What next for Marwa, Ribadu?

Politics can be as enthralling as it can be atrocious. It can bring fame and fortune, just as it can lead to dearth and dishonour. It can make one a president as easily as it can make one a prisoner. And politics can bring out discipline in people as speedily as it can show their greed.
Earlier this year, when former military administrator of Borno and Lagos states and former Nigeria High Commissioner to South Africa, Brig. Gen Mohammed Buba Marwa (rtd.) decamped from the All Progressives Congress (APC) to the Peoples Democratic Party (PDP), I questioned the wisdom of that move in a piece titled “Marwa’s Miscalculation”. I argued that Marwa’s decision to leave the APC for the PDP was a grave misreading of the dialectics of Nigerian politics.

In leaving the APC, Marwa had accused the then interim national leadership of handing over the party in Adamawa to Governor Murtala Nyako who only joined the APC after its formation, saying that his supporters were marginalized during the APC membership registration in the state.
Today, the executive council that Marwa accused of handing over the party to Murtala Nyako has been replaced, and Nyako, whom he accused of taking over APC from “the original founders in the state”, has been impeached. I also noted that “all Marwa needed to do to actualize his governorship ambition was to manage the processes and expectations of the various contending groups – in other words, to play real politics.”
I concluded the piece with the words, “Marwa’s miscalculation was to peg the limits of his ambition on the uncertain possibility of becoming a PDP governor of Adamawa against a more probable APC president of Nigeria . . .  by knocking himself out of the contest even before it starts, Marwa has robbed himself of the chance of taking a realistic shot at the biggest prize in the political sphere: the Presidency.”

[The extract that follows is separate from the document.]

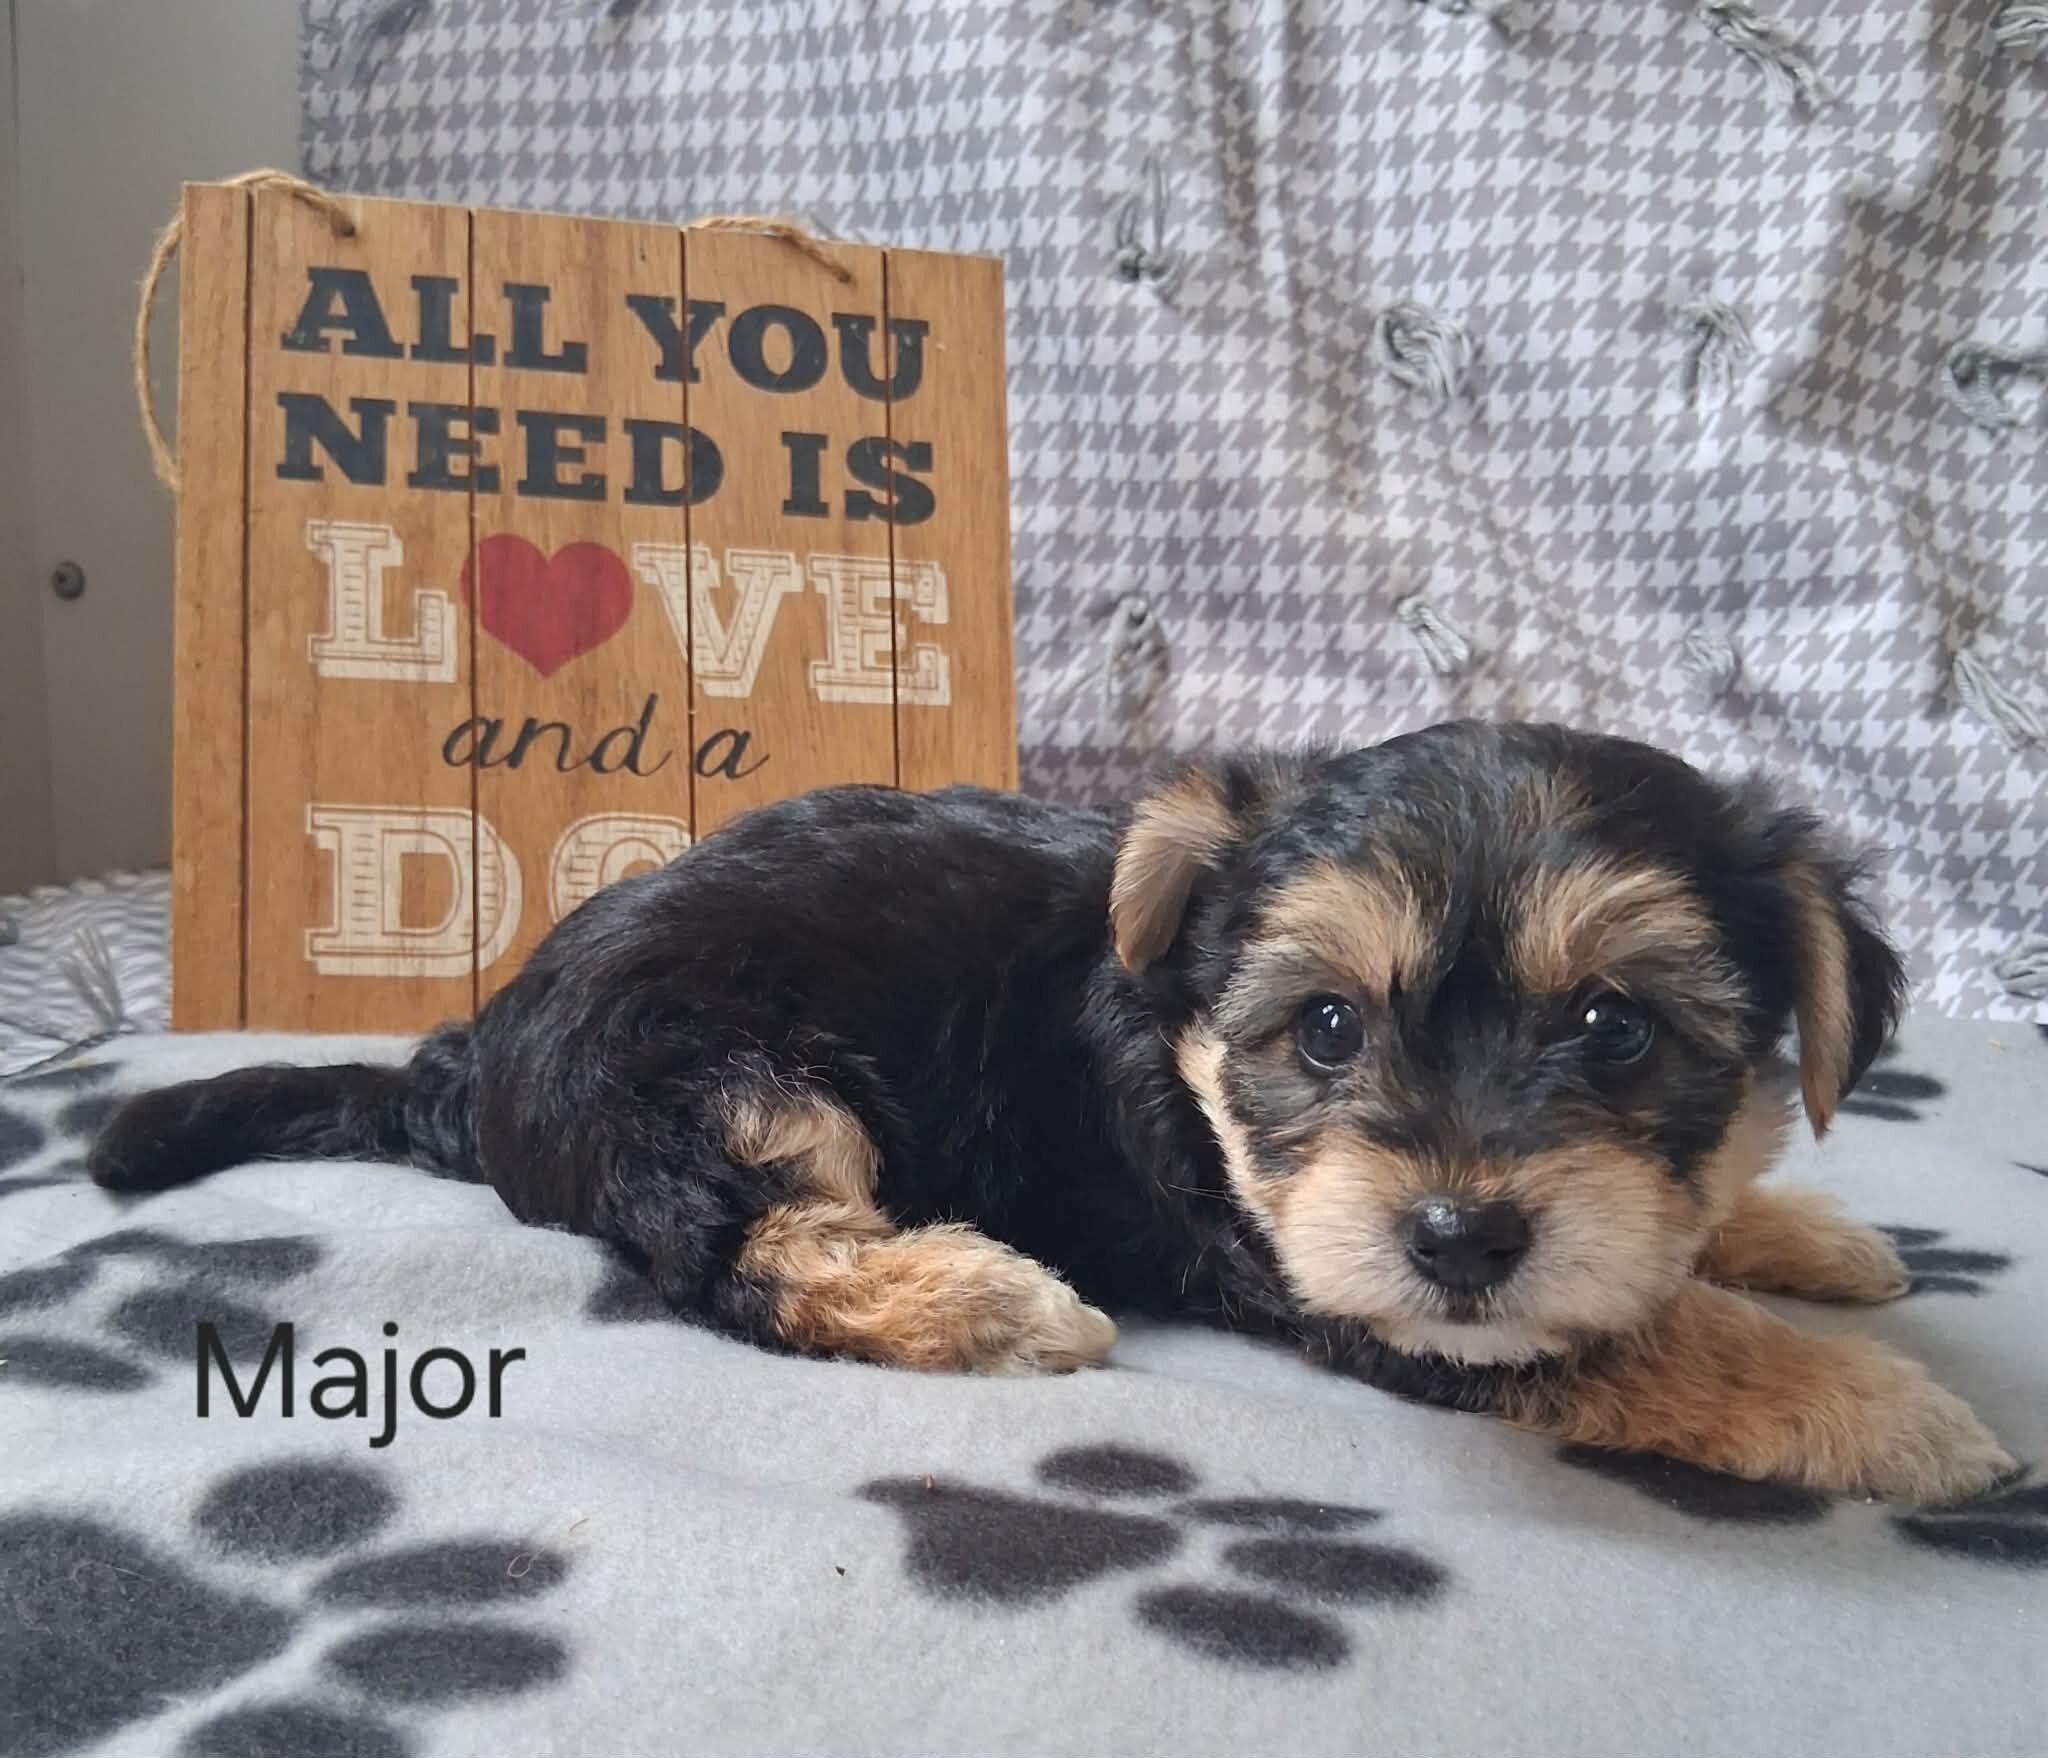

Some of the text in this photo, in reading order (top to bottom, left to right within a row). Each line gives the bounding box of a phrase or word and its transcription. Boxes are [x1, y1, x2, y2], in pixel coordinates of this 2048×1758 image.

[281, 267, 931, 402] ALL YOU
[276, 392, 937, 527] NEED IS
[442, 693, 771, 779] and a

Almost exactly the same sets of circumstances played out three months later, when former Chairman of the Economic and Financial Crimes Commission (EFCC) and former presidential candidate of the defunct Action Congress of Nigeria (ACN) Nuhu Ribadu, hurriedly left the APC for PDP on the notion that both parties were essentially the same. If that is so, why leave one for the other?
The reasons for Ribadu’s dramatic departure from the APC may not be fully known, and it may be one-dimensional to attribute it entirely to his vaulting ambition. Some suggest that he was broke – which should not be surprising – considering that the former cop, though a lawyer, had never practiced law, had no concrete means of livelihood and was not a contractor.  Others say Ribadu actually believed the PDP’s promise of an automatic ticket and funding.

Whatever the real reasons were, it was clear to all but the most politically obdurate that Ribadu was never going to smell the ticket, and that like the highly intelligent, urbane and likeable Marwa, had made a politically flawed miscalculation in joining the PDP.
This is because, regardless of their grouse with the APC, Marwa and Ribadu were both key figures in the party and had sufficient acceptability across the country to fly their banners in any political contest. And with politics being as vacillating as it sometimes is, who says the current presidential frontrunners – Buhari, Atiku and Kwankwaso – will remain on the scene indefinitely?
What happened to Marwa and Ribadu may be political miscalculations on their parts, but a very coldly calculated step on the part of the PDP. The former soldier and policeman both forgot, or perhaps never really learnt that politics is a long-term game and only greenhorns work with the immediate circumstances, as they did.

The PDP as a party may not be known for deep thinking, but it does not take profound thinking to realize that if Marwa and Ribadu had remained in the APC, they would have played vital roles and even penetrated areas where Buhari never did? It therefore made sense on the part of PDP to destroy these potential adversaries immediately, before they grew bigger, stronger and more formidable.
And what better way to do so than to invite them to dinner, and then refuse to allow them to sit at the table? By dropping open hints for Marwa to return to his former party and enticing Ribadu to join his former adversaries, the PDP has played a subtle, but very far-reaching political coup.

The beauty of the masterstroke is the way PDP effortlessly smashed the credibility and political futures of two potential challengers without giving them anything in return. The computation is simple; if either Marwa or Ribadu had become governor under APC, with the entailing power of incumbency and visibility, they would have made formidable opponents for the PDP in any election.
A final food for thought: Assuming the acting governor, Umaru Fintiri actually wins the gubernatorial election next month, can anyone really stop him from contesting again in 2015?